Whitt worked as the secondary coach and pass game coordinator for the Cleveland Browns in 2019 and Falcons in 2020. Serving as secondary coach and pass game coordinator, Whitt helped the Browns finish seventh in the league in pass defense. On January 9, 2020, the Atlanta Falcons hired Whitt as secondary coach. On January 13, 2021, Whitt joined the Dallas Cowboys for the same role. During his time with Dallas, he was credited with developing cornerbacks Trevon Diggs and DaRon Bland, with Diggs leading the NFL in interceptions in 2021 with 11 and Bland setting the single-season record for interceptions returned for a touchdown with five in 2023.

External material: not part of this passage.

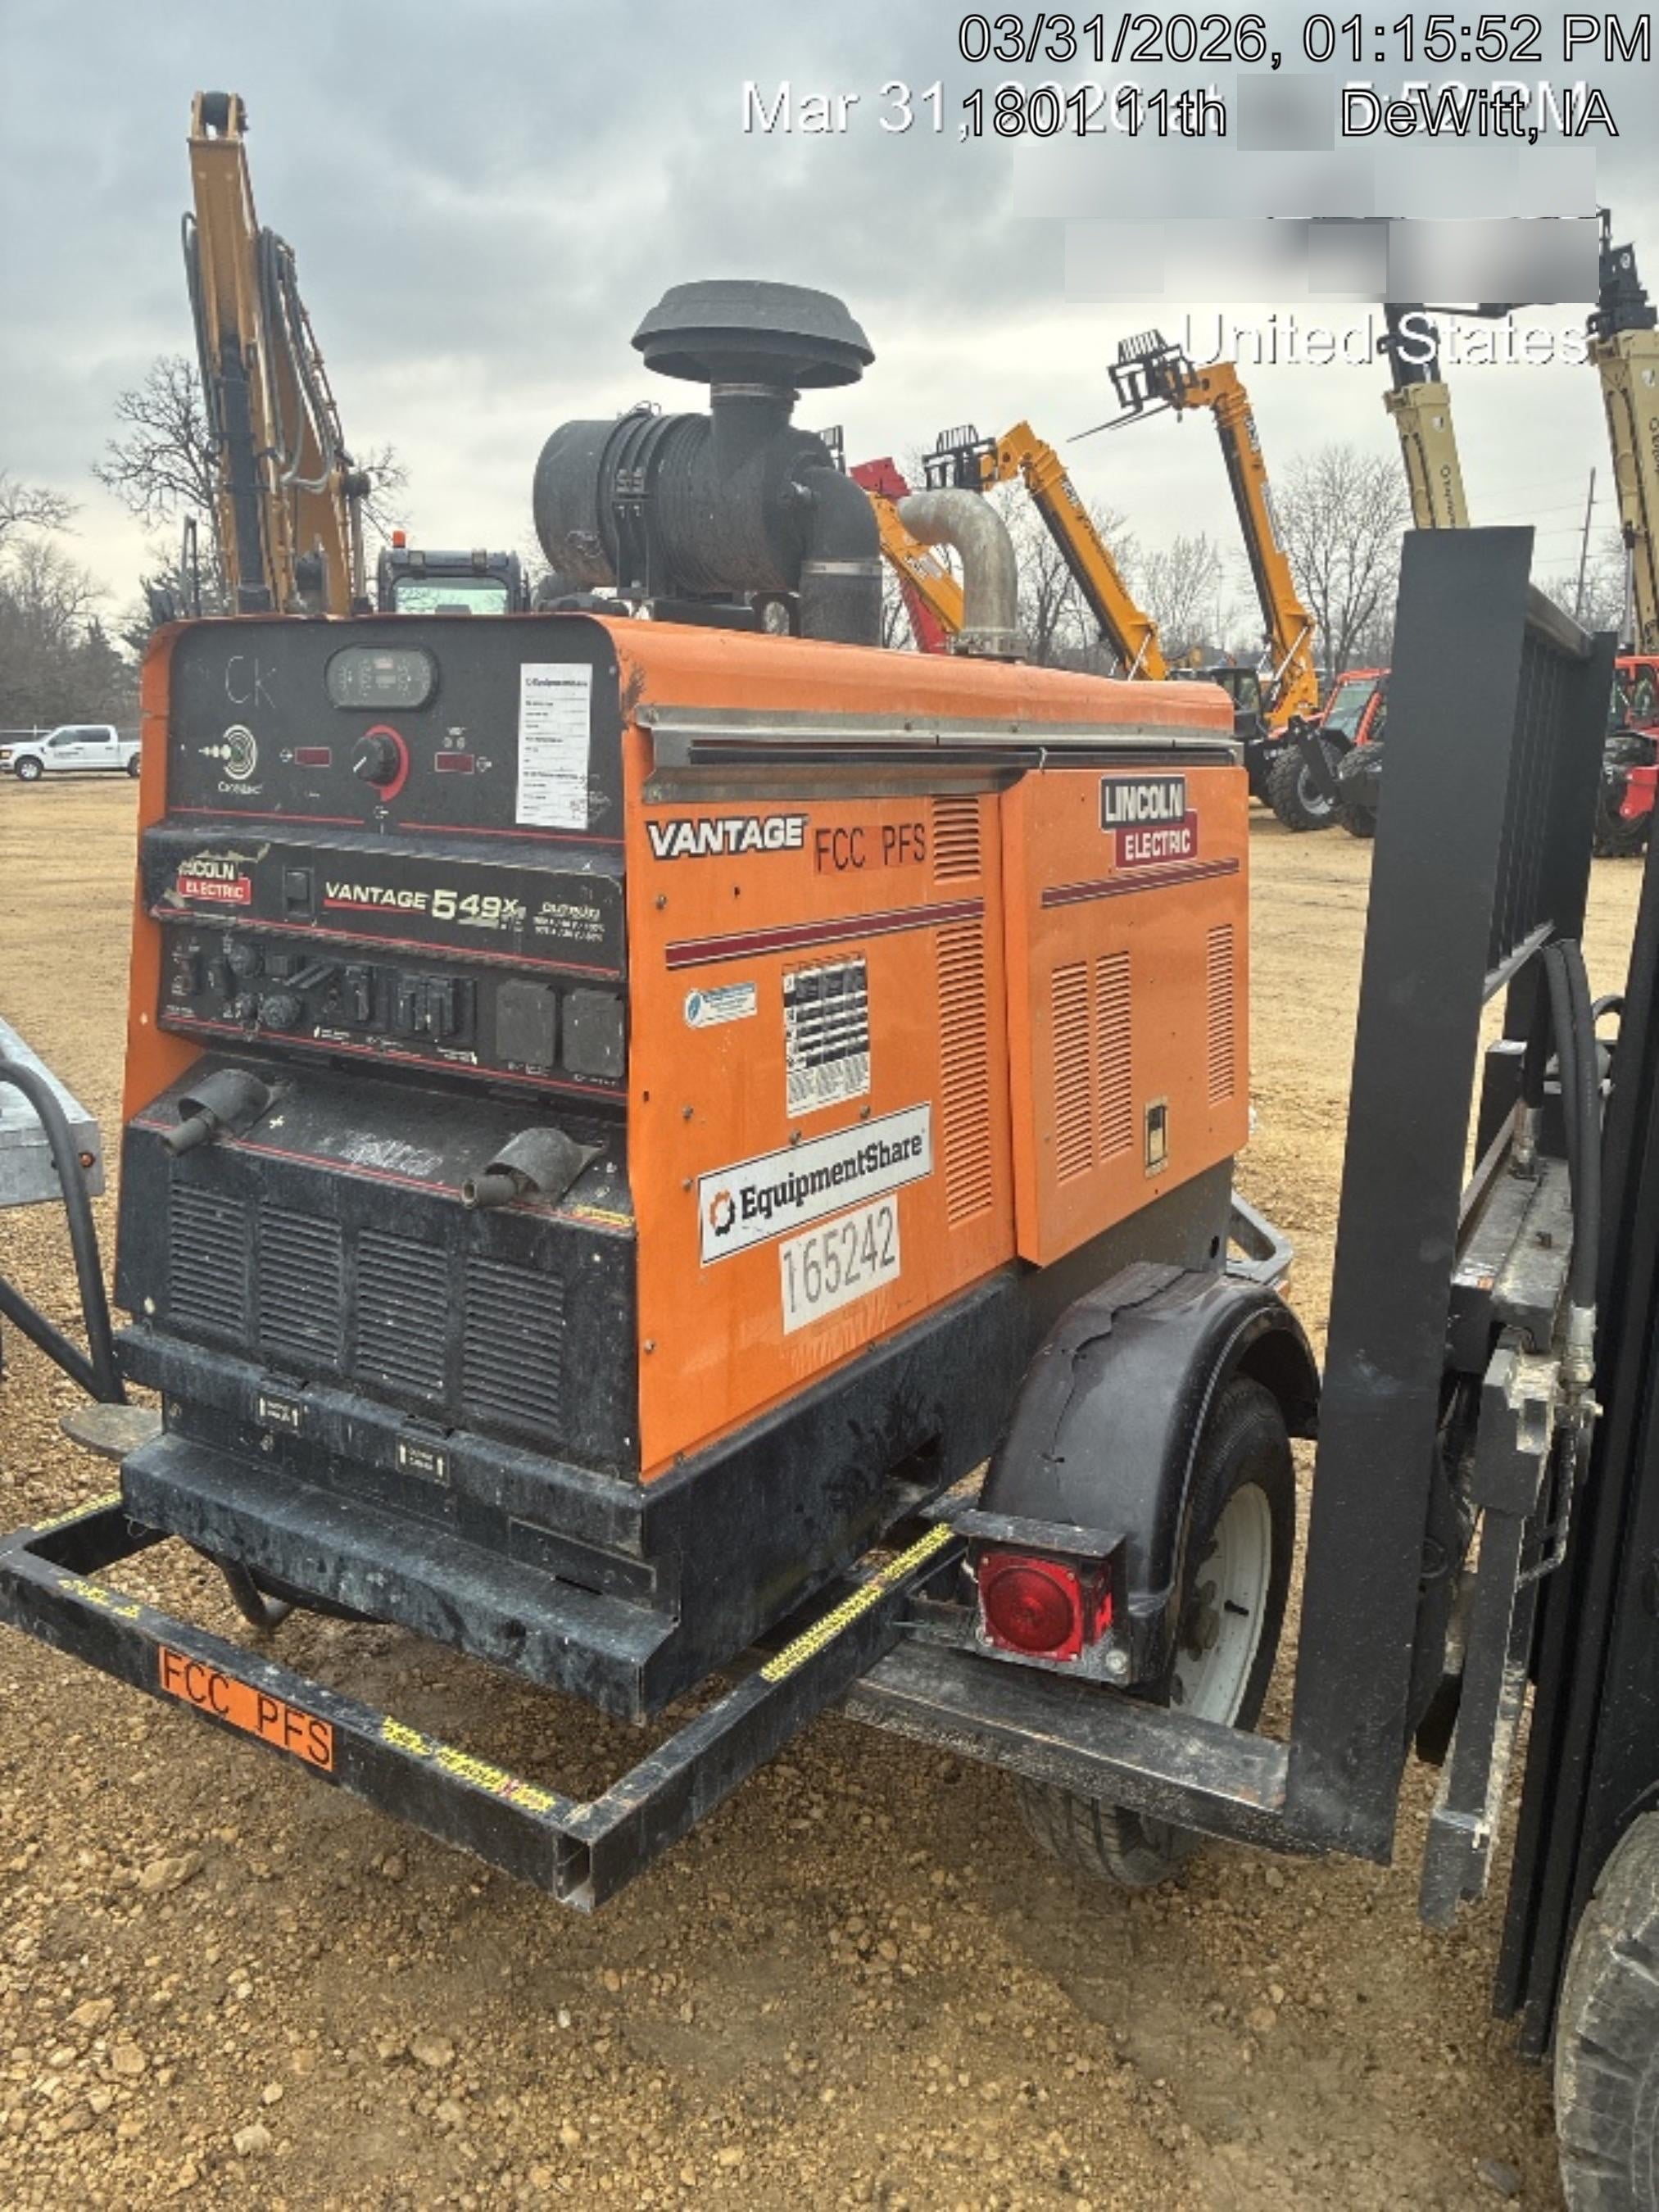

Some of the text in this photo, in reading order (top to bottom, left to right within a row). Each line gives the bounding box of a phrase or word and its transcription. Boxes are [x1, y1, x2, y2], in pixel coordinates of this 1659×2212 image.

On February 5, 2024, Whitt was hired by the Washington Commanders as defensive coordinator under head coach Dan Quinn, who he had been working under since the Falcons in 2020. Whitt was the subject of criticism after a string of poor defensive performances during the 2025 season, including a four-game losing streak with the Commanders giving up 21 or more points. On November 10, 2025, Quinn announced that he took over defensive playcalling from Whitt. Whitt was fired following the season on January 6, 2026.

On February 4, 2026, Whitt was hired by the Pittsburgh Steelers as an assistant head coach and secondary coach under new head coach, Mike McCarthy. Whitt had previously worked under McCarthy for fourteen total seasons, eleven seasons during his time at Green Bay and three seasons during his time at Dallas.